→ Entries provided:
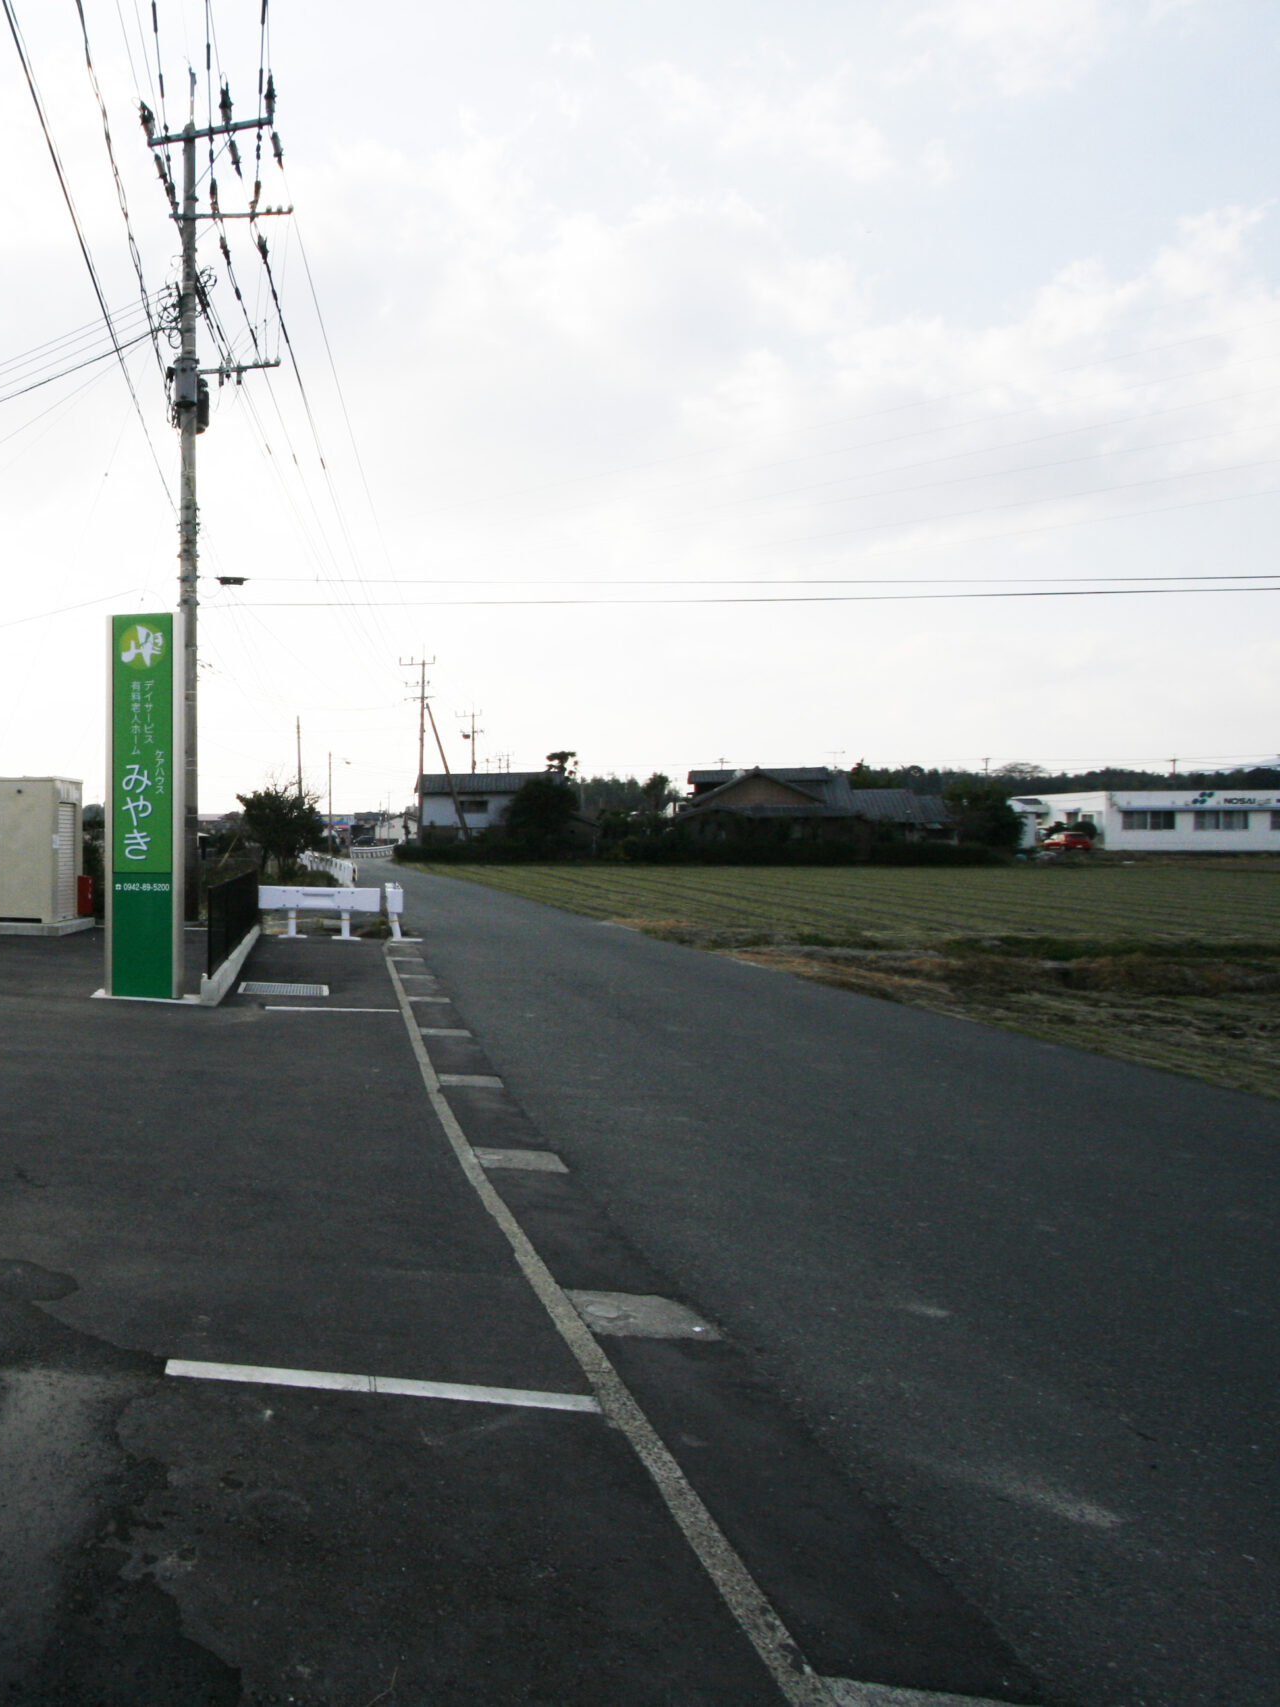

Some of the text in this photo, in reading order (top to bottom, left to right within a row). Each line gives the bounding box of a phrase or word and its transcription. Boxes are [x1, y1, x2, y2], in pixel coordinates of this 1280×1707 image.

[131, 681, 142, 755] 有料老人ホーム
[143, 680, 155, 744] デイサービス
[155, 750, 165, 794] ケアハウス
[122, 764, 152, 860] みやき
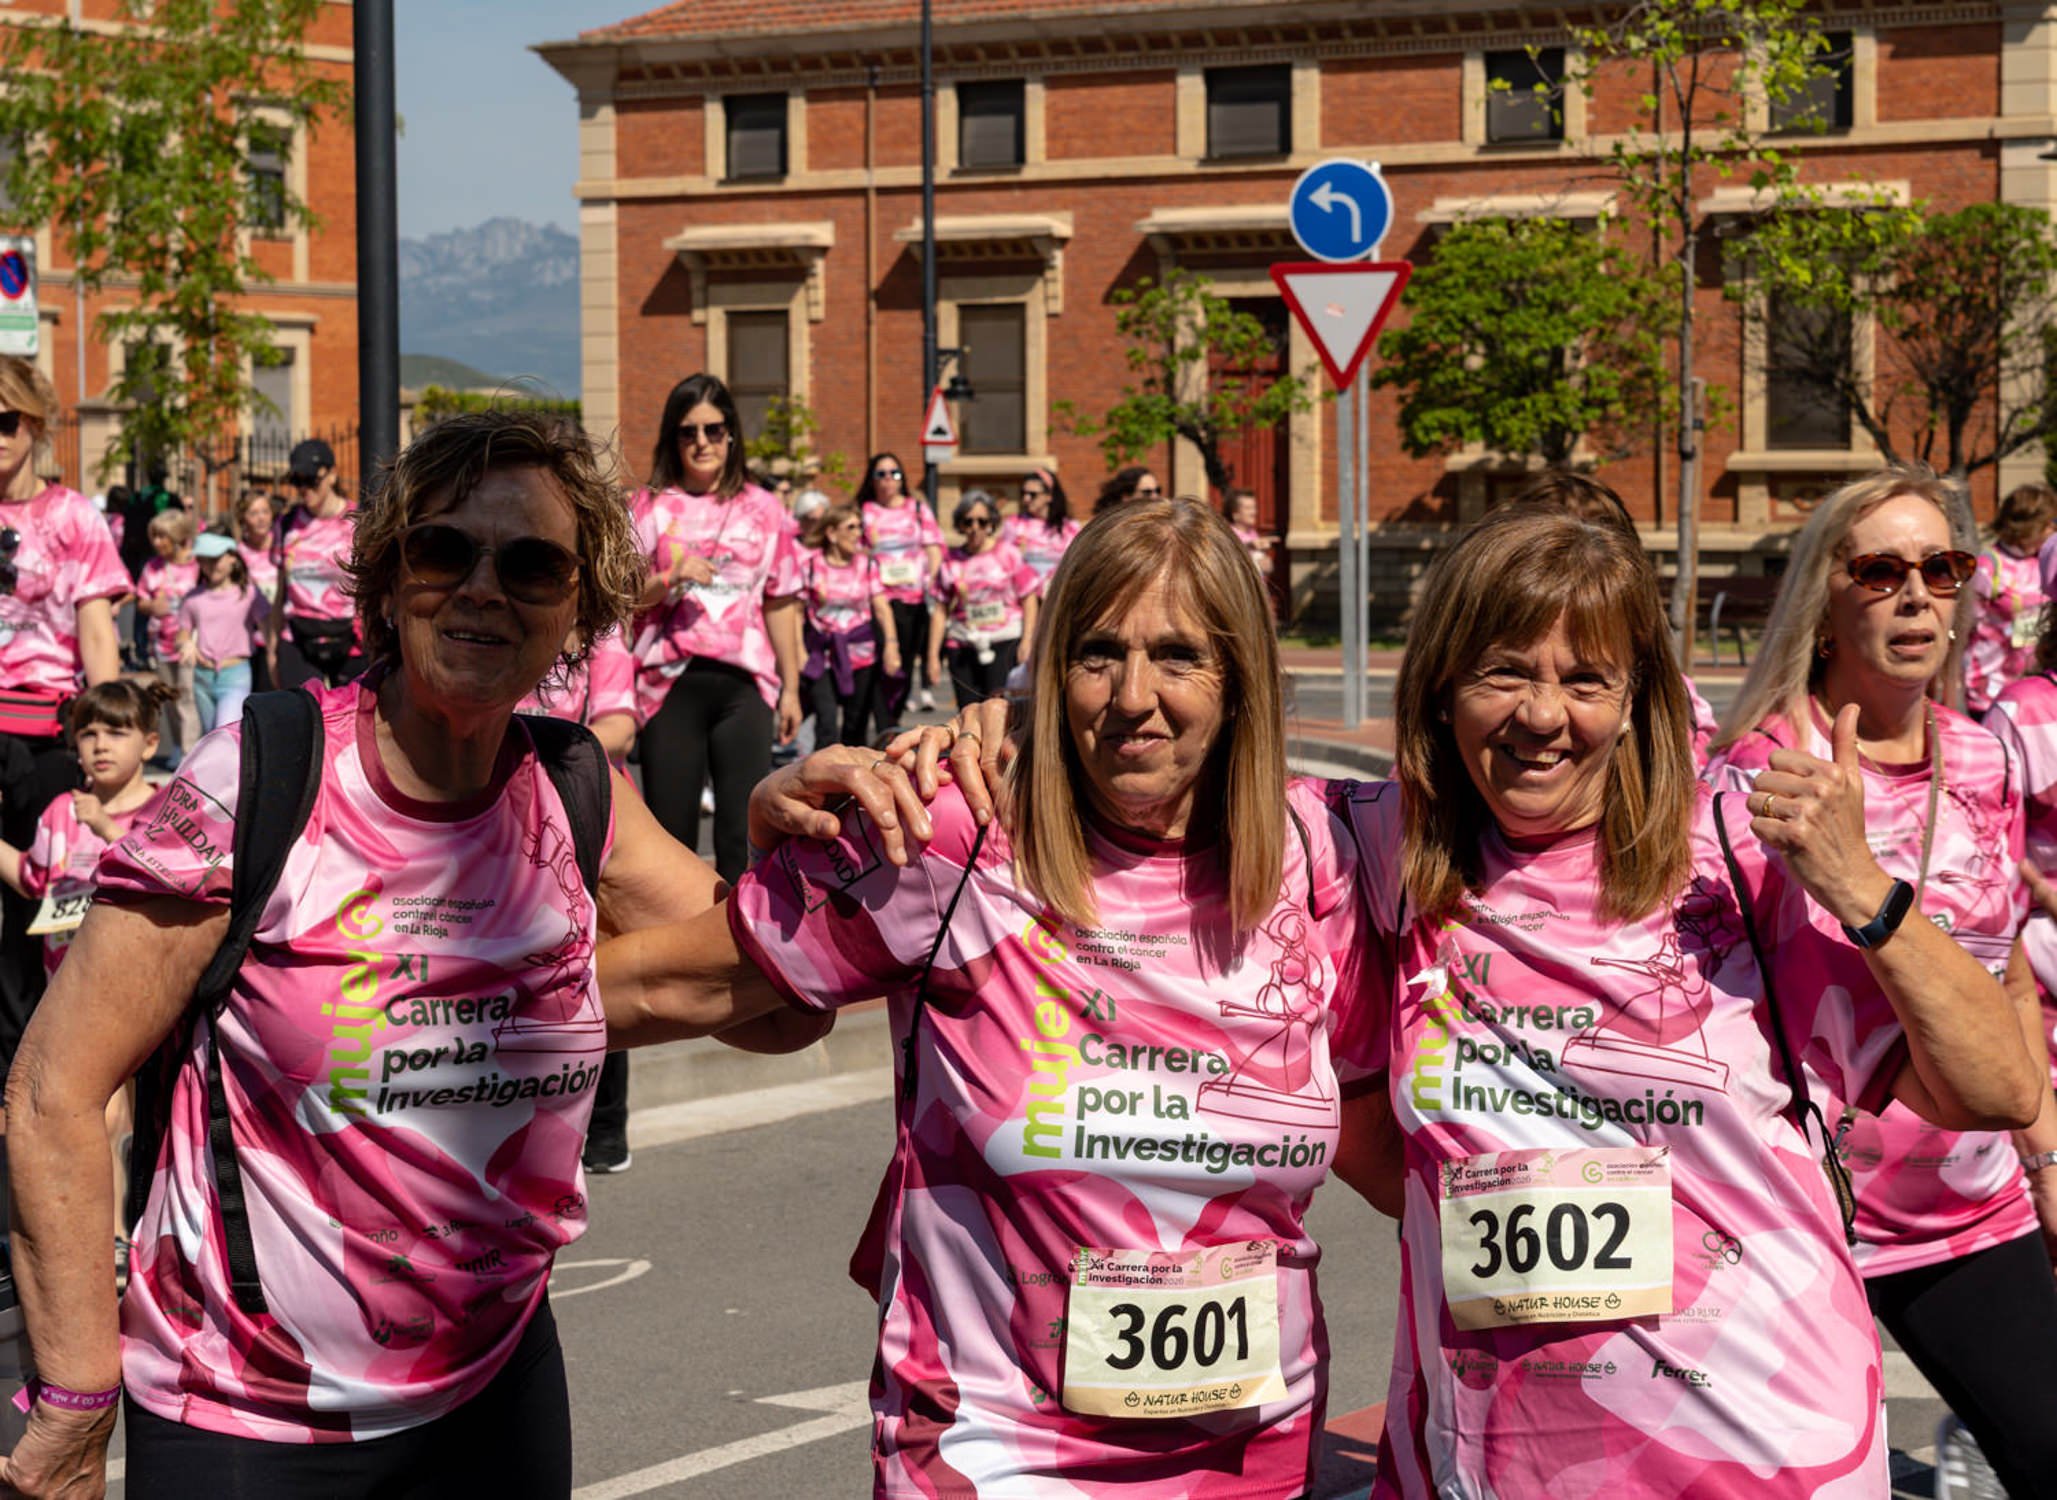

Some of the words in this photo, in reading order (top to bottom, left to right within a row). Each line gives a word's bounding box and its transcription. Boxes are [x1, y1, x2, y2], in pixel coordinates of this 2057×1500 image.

→ About this exercise: Print out all the material above exactly as it appears, omitting the images.

→ Reply to the exercise:
Some of the text in this photo, in reading order (top to bottom, left to right within a row). Each line gives the bounding box of a phrase or word and its transcription. Boxes are [x1, y1, x2, y2], in pixel coordinates of this 1280×1707 image.

[131, 681, 142, 755] 有料老人ホーム
[143, 680, 155, 744] デイサービス
[155, 750, 165, 794] ケアハウス
[122, 764, 152, 860] みやき

Some of the words in this photo, in reading order (top to bottom, left to right within a row). Each line gives a word's bounding box and its transcription. Boxes are [x1, y1, x2, y2], in pixel coordinates of this 2057×1500 image.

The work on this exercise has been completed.